## What this task involves
Write the records out exactly, so that no picture remains in the copy.

═════ Listed entries ═════

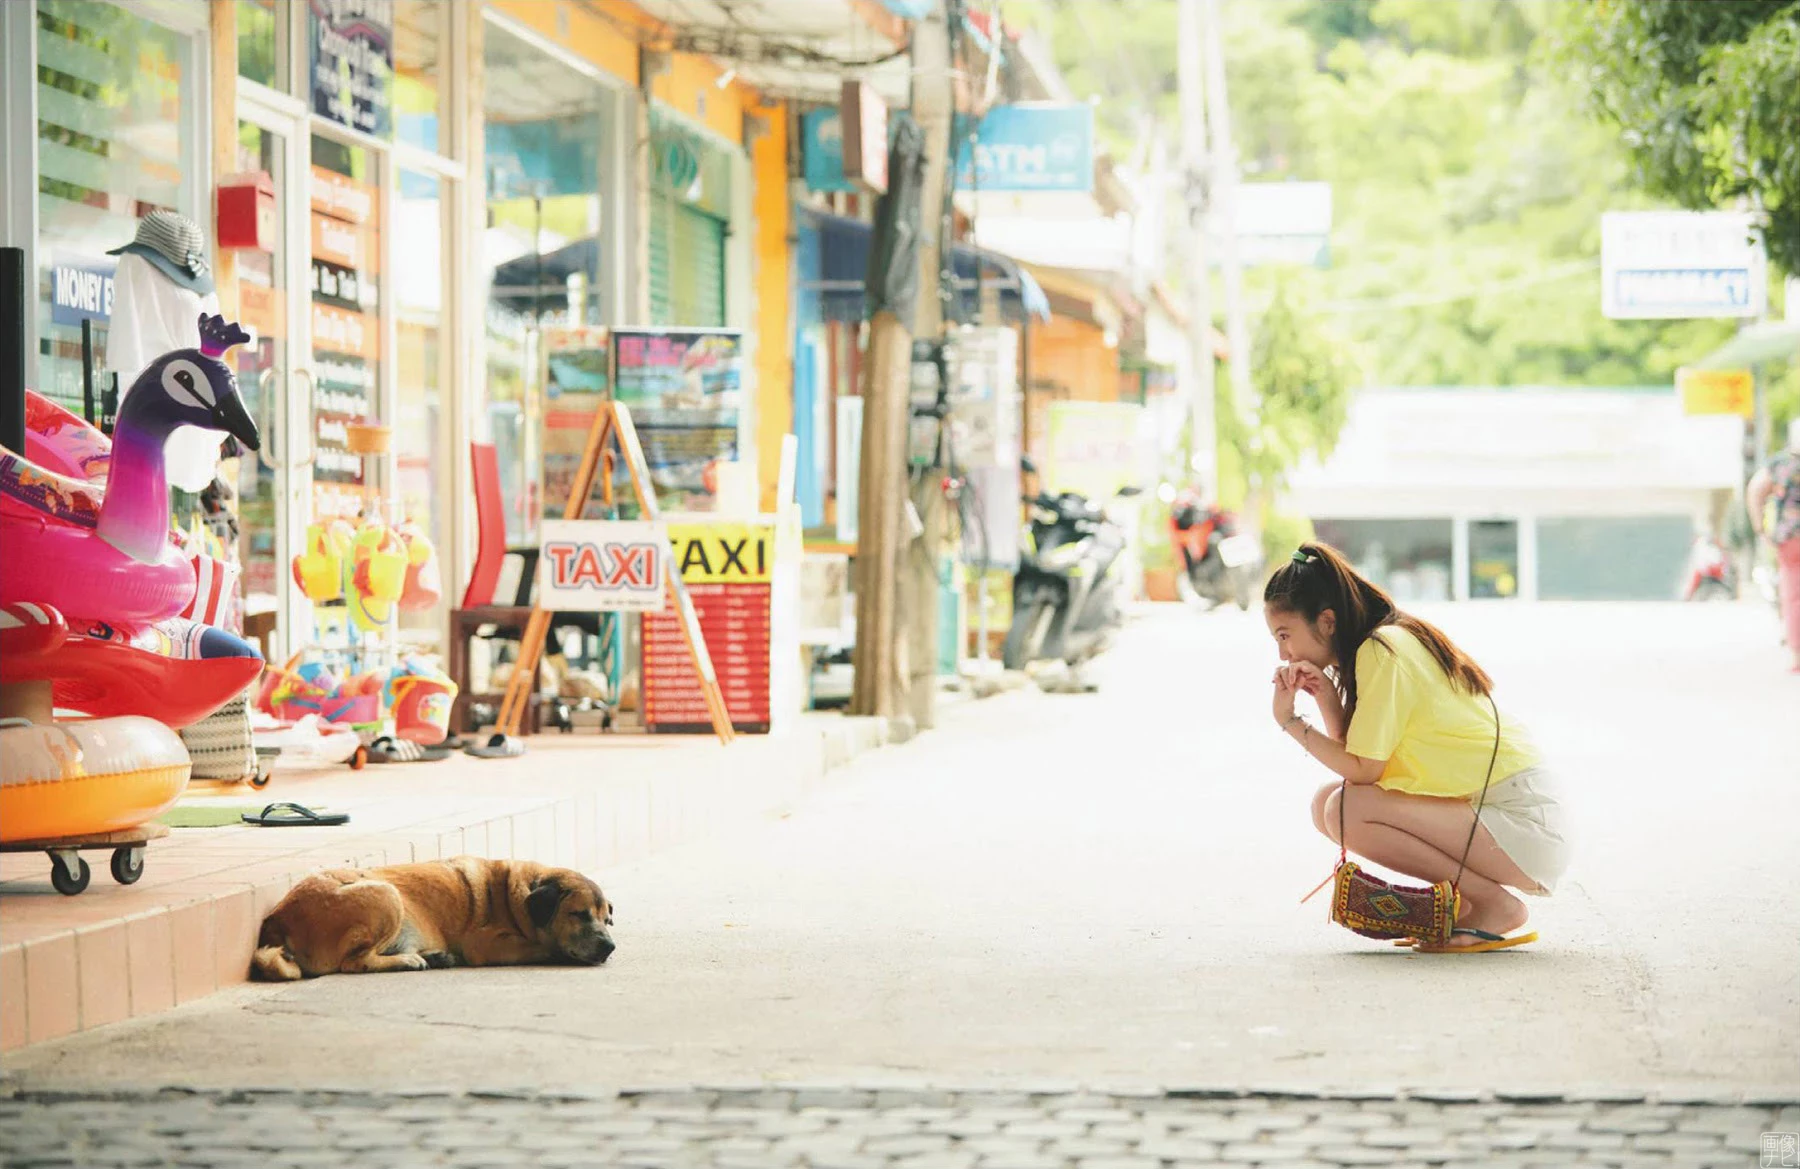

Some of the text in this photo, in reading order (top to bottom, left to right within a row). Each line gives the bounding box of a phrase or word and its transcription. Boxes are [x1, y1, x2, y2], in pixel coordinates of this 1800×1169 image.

[967, 144, 1046, 172] ATM
[56, 266, 102, 313] MONEY
[548, 544, 657, 588] TAXI
[670, 538, 765, 576] AXI

═════

## Solution below
Some of the text in this photo, in reading order (top to bottom, left to right within a row). Each line gives the bounding box of a phrase or word and its transcription. Boxes are [x1, y1, x2, y2], in pixel coordinates of this 1800×1169 image.

[967, 144, 1046, 172] ATM
[56, 266, 102, 313] MONEY
[548, 544, 657, 588] TAXI
[670, 538, 765, 576] AXI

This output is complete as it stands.